→ **DATA EXCERPTS**:
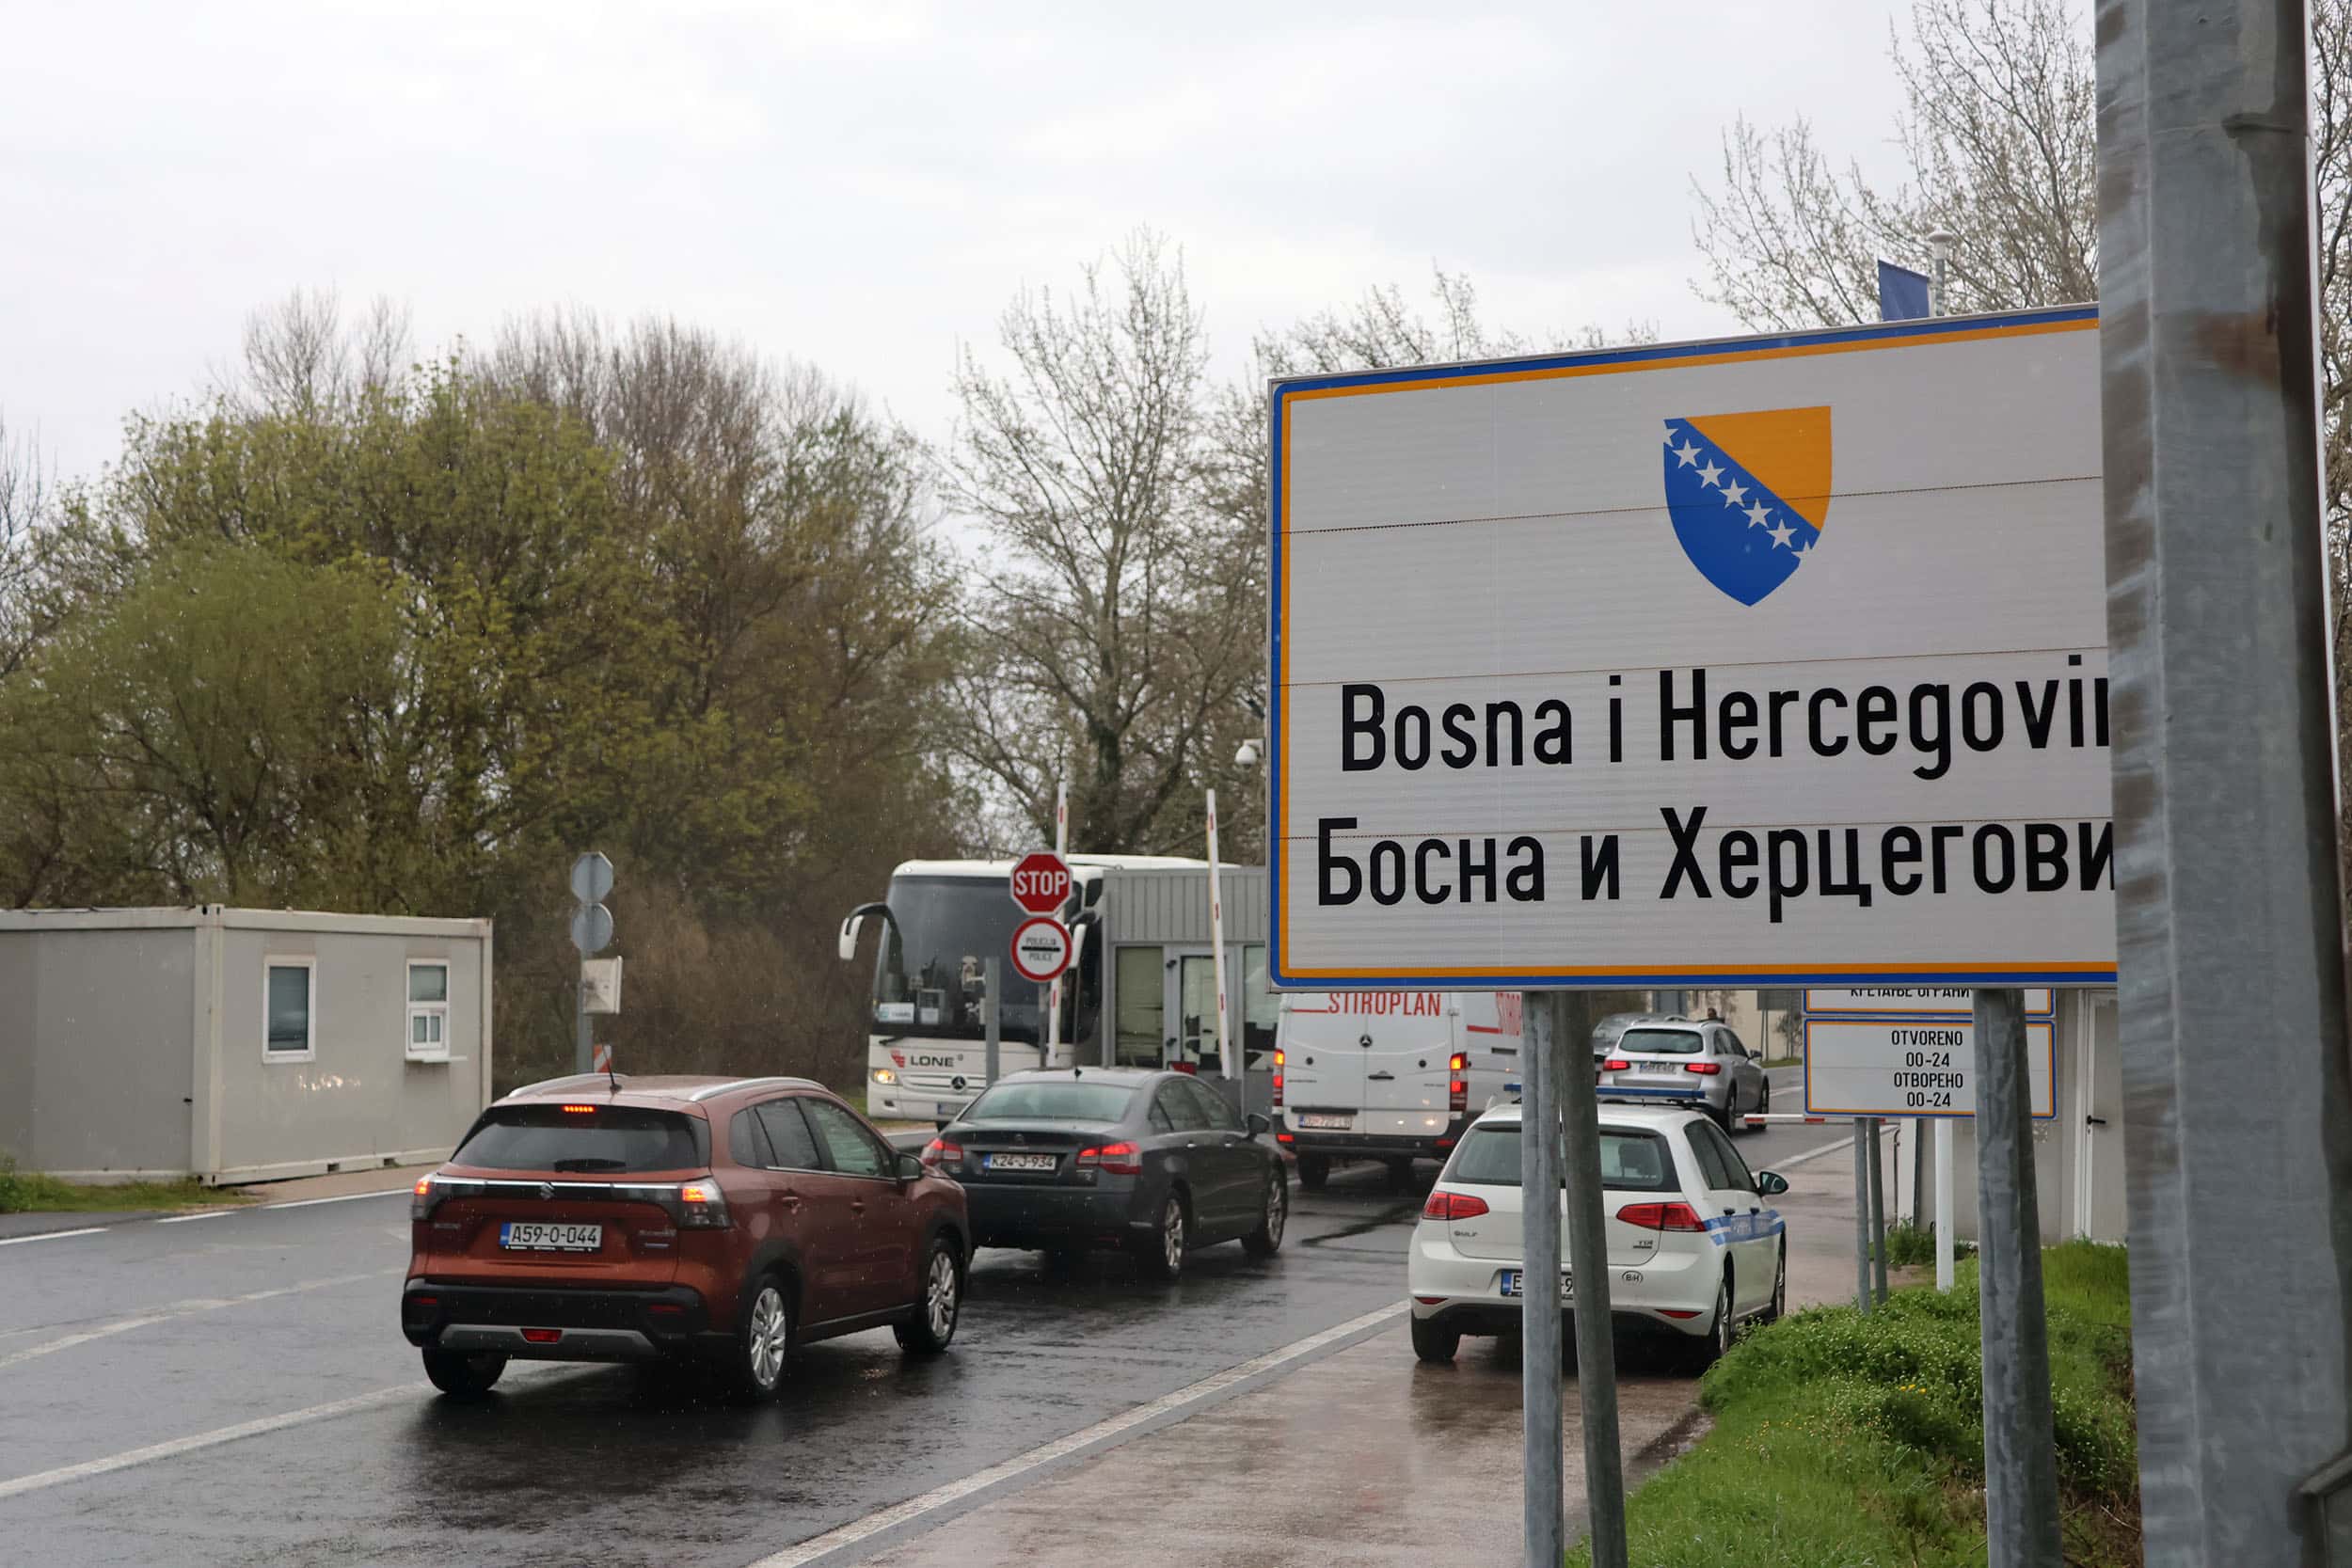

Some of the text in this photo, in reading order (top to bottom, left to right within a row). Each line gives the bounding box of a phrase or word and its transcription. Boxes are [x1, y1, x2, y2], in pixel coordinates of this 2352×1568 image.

[1342, 683, 1572, 771] Bosna
[1609, 674, 1622, 763] i
[1318, 816, 1545, 906] Босна
[1581, 834, 1620, 901] и
[1015, 870, 1068, 896] STOP
[1327, 992, 1441, 1017] STIROPLAN
[1891, 1030, 1963, 1046] OTVORENO
[911, 1054, 955, 1068] LONE
[1905, 1052, 1950, 1068] 00-24
[1893, 1072, 1963, 1088] ОТВОРЕНО
[1906, 1092, 1951, 1107] 00-24
[512, 1226, 597, 1243] A59-O-044

→ **INSTRUCTIONS TO FOLLOW**: Each of the entries above must be copied exactly, but the pictures stay out.

→ **YOUR RESPONSE**:
Some of the text in this photo, in reading order (top to bottom, left to right within a row). Each line gives the bounding box of a phrase or word and its transcription. Boxes are [x1, y1, x2, y2], in pixel coordinates of this 2352×1568 image.

[1342, 683, 1572, 771] Bosna
[1609, 674, 1622, 763] i
[1318, 816, 1545, 906] Босна
[1581, 834, 1620, 901] и
[1015, 870, 1068, 896] STOP
[1327, 992, 1441, 1017] STIROPLAN
[1891, 1030, 1963, 1046] OTVORENO
[911, 1054, 955, 1068] LONE
[1905, 1052, 1950, 1068] 00-24
[1893, 1072, 1963, 1088] ОТВОРЕНО
[1906, 1092, 1951, 1107] 00-24
[512, 1226, 597, 1243] A59-O-044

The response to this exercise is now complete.